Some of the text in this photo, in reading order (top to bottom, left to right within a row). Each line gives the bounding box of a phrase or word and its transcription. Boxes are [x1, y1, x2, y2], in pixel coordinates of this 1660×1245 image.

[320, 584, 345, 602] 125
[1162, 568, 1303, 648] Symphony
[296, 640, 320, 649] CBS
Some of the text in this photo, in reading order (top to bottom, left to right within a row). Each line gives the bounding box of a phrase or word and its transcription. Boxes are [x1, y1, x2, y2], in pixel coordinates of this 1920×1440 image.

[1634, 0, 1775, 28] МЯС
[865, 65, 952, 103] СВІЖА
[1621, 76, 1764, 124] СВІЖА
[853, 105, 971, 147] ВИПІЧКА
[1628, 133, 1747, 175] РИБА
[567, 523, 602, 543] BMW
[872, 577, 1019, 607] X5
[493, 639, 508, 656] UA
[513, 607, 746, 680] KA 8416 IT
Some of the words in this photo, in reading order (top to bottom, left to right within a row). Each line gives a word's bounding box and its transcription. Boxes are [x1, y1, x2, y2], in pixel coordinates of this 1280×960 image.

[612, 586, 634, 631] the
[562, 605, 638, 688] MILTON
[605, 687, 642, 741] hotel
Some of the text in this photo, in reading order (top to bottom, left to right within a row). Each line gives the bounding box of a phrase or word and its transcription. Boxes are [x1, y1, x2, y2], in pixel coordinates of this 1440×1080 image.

..............................

* **AIM OF THE TASK**
Your answer should hold only the lines from the one with "this 1920×1440 image." through the end of the listing above, both ends included, written out exactly.

* **SOLUTION TO THIS PROBLEM**
Some of the text in this photo, in reading order (top to bottom, left to right within a row). Each line gives the bounding box of a phrase or word and its transcription. Boxes are [x1, y1, x2, y2], in pixel coordinates of this 1920×1440 image.

[1634, 0, 1775, 28] МЯС
[865, 65, 952, 103] СВІЖА
[1621, 76, 1764, 124] СВІЖА
[853, 105, 971, 147] ВИПІЧКА
[1628, 133, 1747, 175] РИБА
[567, 523, 602, 543] BMW
[872, 577, 1019, 607] X5
[493, 639, 508, 656] UA
[513, 607, 746, 680] KA 8416 IT
Some of the words in this photo, in reading order (top to bottom, left to right within a row). Each line gives a word's bounding box and its transcription. Boxes are [x1, y1, x2, y2], in pixel coordinates of this 1280×960 image.

[612, 586, 634, 631] the
[562, 605, 638, 688] MILTON
[605, 687, 642, 741] hotel
Some of the text in this photo, in reading order (top to bottom, left to right within a row). Each line gives the bounding box of a phrase or word and its transcription. Boxes are [x1, y1, x2, y2], in pixel coordinates of this 1440×1080 image.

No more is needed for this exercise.